We have all been drained this past year. The effects of the global pandemic have been felt by all. My friend, Christiana Peterson, recently had a new book released called Awakened By Death. In it she spends time talking about the black death plague and its affects on society. Much as the plague was the great leveler of the middle ages that left no race or class untouched, Covid, too, has become the great leveler of our time.
It has no care if you are male or female, rich or poor, black or white, Catholic or Protestant. Covid has touched everyone. It has touched every last soul here on earth physically, financially, emotionally, spiritually, or in some combination of all of the above.
It has left us berift and empty, unable to even celebrate births, graduation and wedding or grieve our losses in the ways we would expect to. Too many goodbyes have had to be left unsaid.
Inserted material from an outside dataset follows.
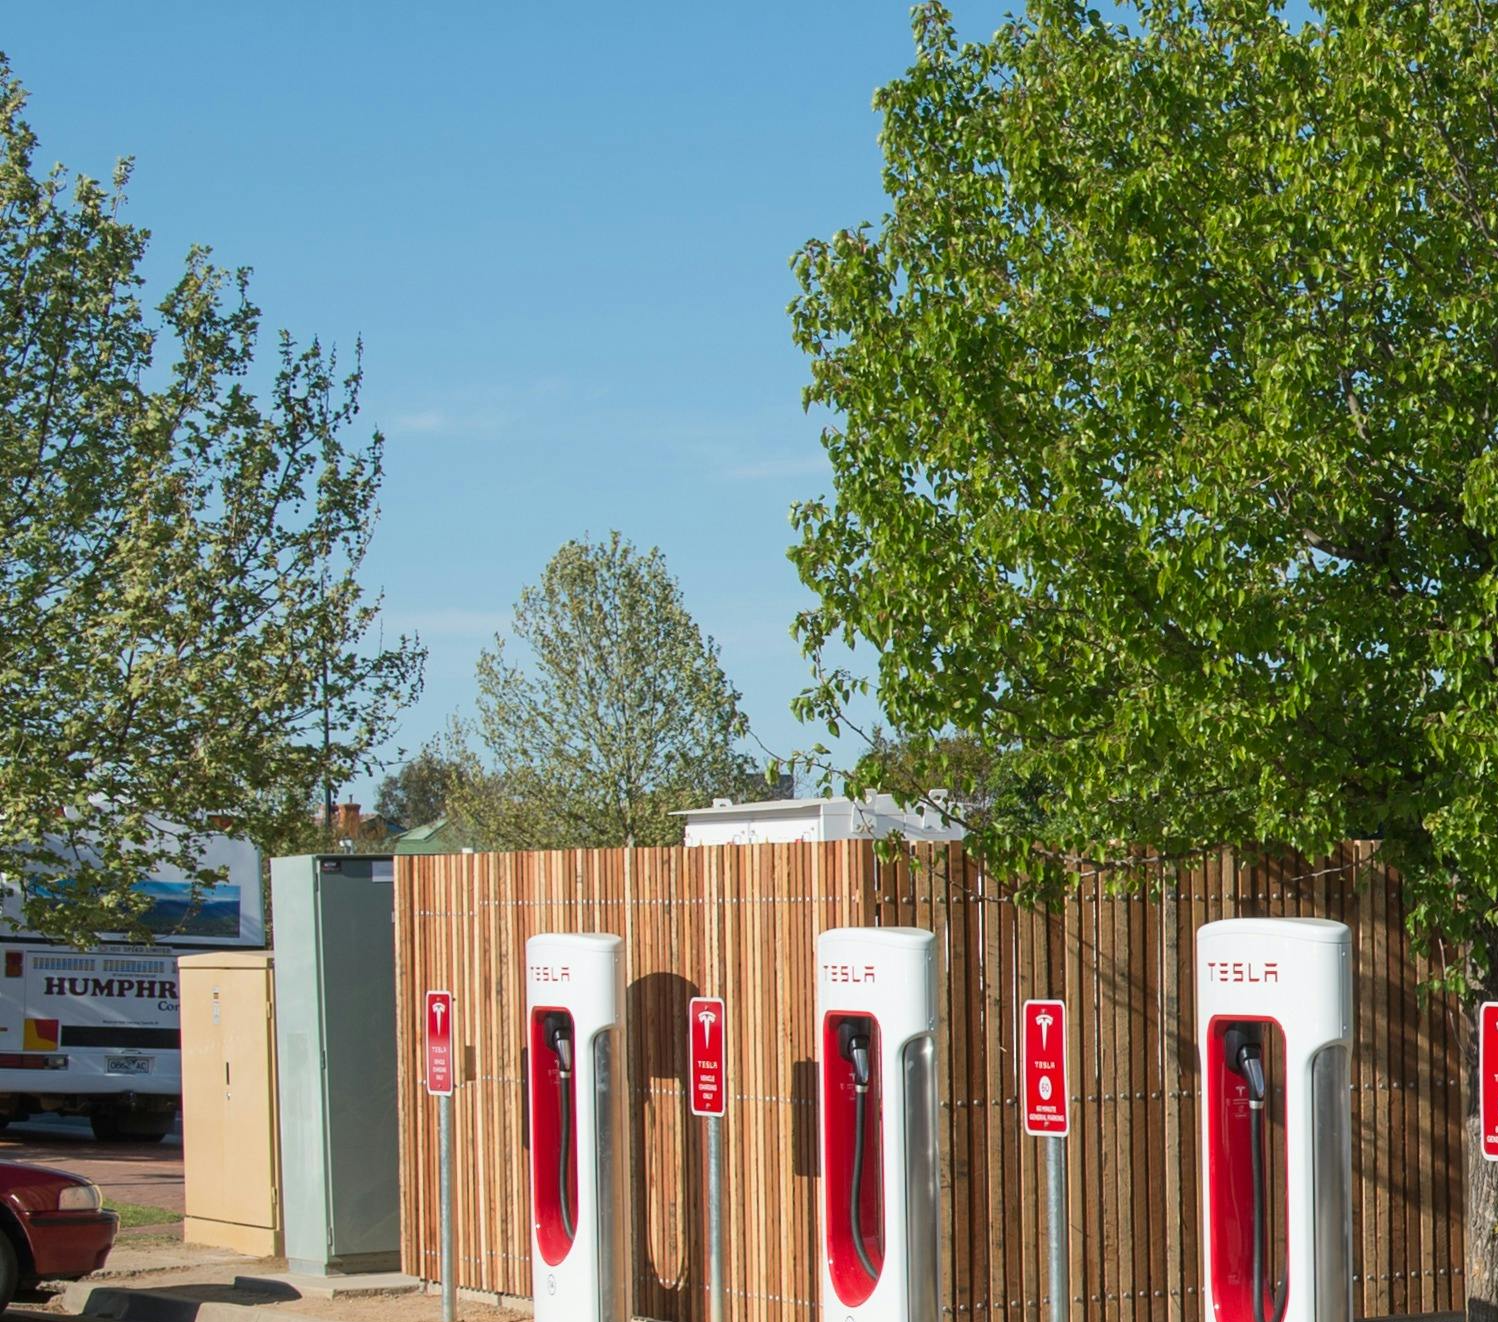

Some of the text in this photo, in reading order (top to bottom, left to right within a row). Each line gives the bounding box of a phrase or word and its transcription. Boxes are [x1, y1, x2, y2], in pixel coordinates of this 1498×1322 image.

Many of us are probably feeling like the Christmas tree that is currently sitting in my living room. It is still without any lights or decorations, just standing there in its stand with empty branches. Like many of us I think it wonders what the heck happened to it. How did it get to this place and where does it go from here?
And this is where we find the paradox of Hope.
In a world filled with chaos, despair, emptiness, and isolation we still have hope. It is always there for us. In the midst of panic, pandemic, and uncertainty we have a God who is still our loving Father.
Our Father who can fill us up and sustain us. He can teach us how to find calm in the storm and how to walk forward with a sense of his strength and purpose in our lives.
And we have the certain hope this season of Advent represents and reminds us of. Jesus was born for us men and for our salvation. He came down from heaven and he is coming again.
Our tree branches may be empty right now, but they don’t have to be. We have hope in Christ Jesus that we can cling too. Jesus is our light. He brings us hope that we will find a normal existance again. Hope that a treatment or vaccine will be found that will allow us to be together again. Hope that we will be able to see all of those dear faces again that have left empty seats at our tables.
Until then, we can be the light to each other, grieving together for all that has been lost in 2020. Hopefully waiting for the light of the world that is to come, Jesus.
Maybe, just maybe, the sunshine this morning isn’t such a contradiction after all, but the promise of the light to come in the days ahead of us.
O come, O come, Emmanual!
We are waiting and hoping.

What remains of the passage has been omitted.